Can you help me please?

Change the topic to 'A Photo for 3 goldens, (Sandra)'

THANKYOU THANKYOU THANKYOU!!!


----------



## Jazz & Jules (Feb 25, 2007)

justmejanis said:


> Oh Martha that is beautiful and she will love it. A truly beautiful tribute.
> 
> I LOVE the two you did of Sunka....when I saw them this morning I was so surprised. The tears flowed for some time. I was so touched.
> 
> ...


You are so very welcome Janis!

Steve Harlin actually inspired me to do these. He is the true artist. I just find a couple photos and go with what feels right.


----------



## Jo Ellen (Feb 25, 2007)

Way to go, MJ -- give ME a heart attack :

Love your work though, can't wait to start some of my own!


----------



## Jazz & Jules (Feb 25, 2007)

Jo Ellen said:


> Way to go, MJ -- give ME a heart attack :
> 
> Love your work though, can't wait to start some of my own!


Whoops! So sorry!!!!

And I just looked for a Mod online but there aren't any! Oh Dear!!!


----------



## BeauShel (May 20, 2007)

It is fixed. I love it MJ. She will be so touched.


----------



## Jazz & Jules (Feb 25, 2007)

Oh Carol! Thank You so Much!!!!


----------



## Oaklys Dad (Dec 28, 2005)

Nice work MJ! Sandra will be very pleased when she finds it. What a great surprise.


----------



## cubbysan (Mar 13, 2007)

That is beautiful!! Sandra is going to love it.


----------



## paula bedard (Feb 5, 2008)

Absolutely wonderful! She'll love it.
I keep meaning to spend some time to learn photo shop but I haven't yet. I love your signature too. I've 'sorta' figured out how to make one like it using SB, but I'm not happy with it, so it's still a work in progress.


----------



## Penny & Maggie's Mom (Oct 4, 2007)

Oh MJ, you are a jewel. She's going to love it. Let's for sure keep this bumped up so she'll see it right away when she checks in.


----------



## Karen519 (Aug 21, 2006)

*Mj*

MJ

How very beautiful and what a very kind gesture for you to make this for Sandra.


----------



## Jazz & Jules (Feb 25, 2007)

You guys are all just too sweet! Thank You so much!!!!!


----------



## 3 goldens (Sep 30, 2005)

OH, MJ, I SIT WITH TEARS FLOWING. THAT IS SO, SO BEAUTIFUL. I MISS THOSE WONDERFUL DOGS SO MUCH. IT DOESN'T SEEM POSSIBLE THAT HUNTER HAS BEEN GONE 6 1/2 YEARS, AND IN MAY, BUCK WILL HAVE BEEN GONE 3 YEARS AND KAYCEE GONE FOR 2. AND I MISS THEM AS MUCH TODAY AS I DID THE DAY THEY LEFT ME. aND I KNOW YOU KNOW EXACTLY HOW I FEEL AS I KNOW YOU STILL MISS YOUR PRECIOUS GIRL ARTICA.

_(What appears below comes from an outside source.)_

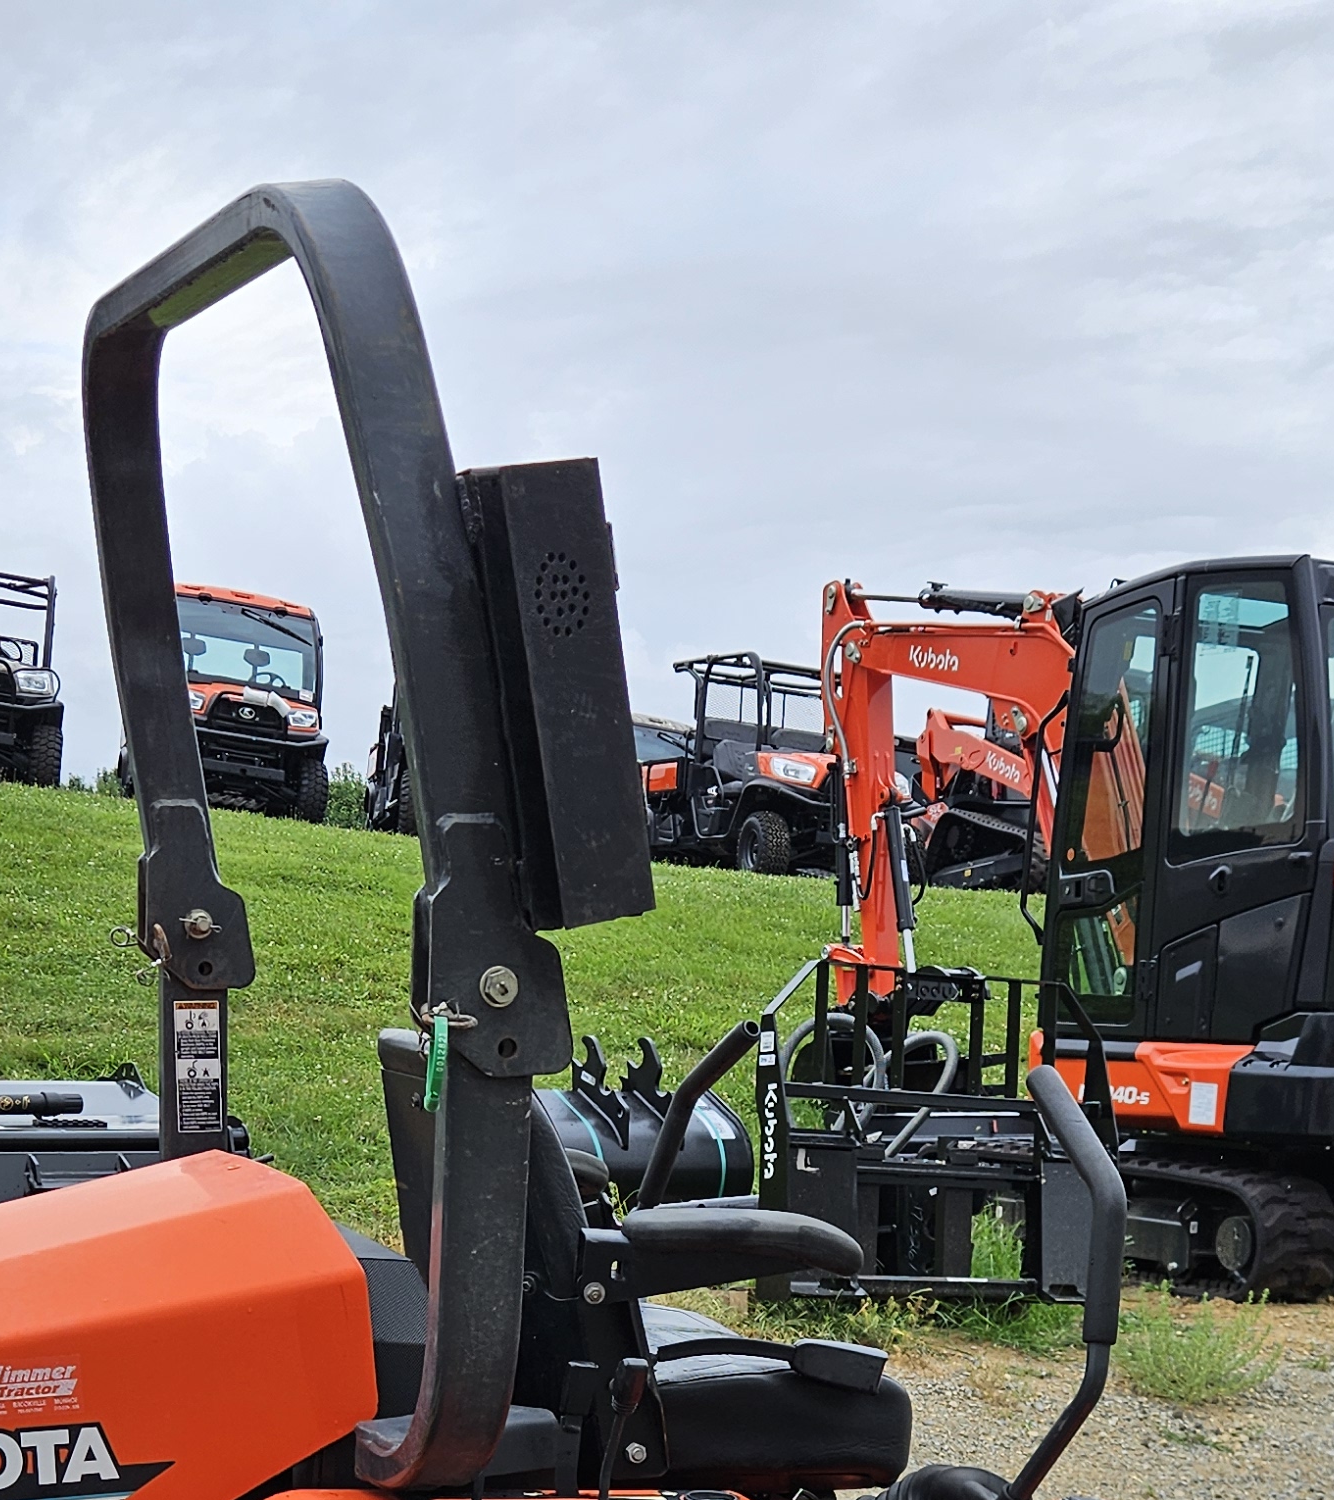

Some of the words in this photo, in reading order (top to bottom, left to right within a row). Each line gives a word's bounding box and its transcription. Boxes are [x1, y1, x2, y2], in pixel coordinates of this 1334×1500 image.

[908, 644, 959, 672] Kubota
[986, 751, 1021, 783] Kubota
[763, 1082, 778, 1180] Kubota

THANK YOU SO VERY, VERY MUCH.


----------



## Jazz & Jules (Feb 25, 2007)

OH I just realized you have Scooter in your list as well. If you send me a couple pictures, I would love to try to get that added, ok?


----------



## 3 goldens (Sep 30, 2005)

i AM NOT SURE WHICH i HAVE HERE AS THEY ARE SO SMALL i CAN'T TELL FOR SURE. BUT i THINK IT IS ONE OF SCOOTER ALONE IN POOOL AND ONE OF sCOOTER AND bUCK IN THE HOUSE, WHICH IS MY FAVORITE PICTURE OF sCOOTER. bUCK IS THE ONE WITH EAR FLIPPED OVER HEAD--IF THIS IS CORRECT PICTURE.


----------



## Jazz & Jules (Feb 25, 2007)

OK, I did 2 things here.

1) Added Scooter.

2) Removed foliage and created a mouth for Scooter from the photo you added.


----------



## 3 goldens (Sep 30, 2005)

All my Bridge goldens together. Thanks so much MJ for making this wonderful beautiful picture for me.


----------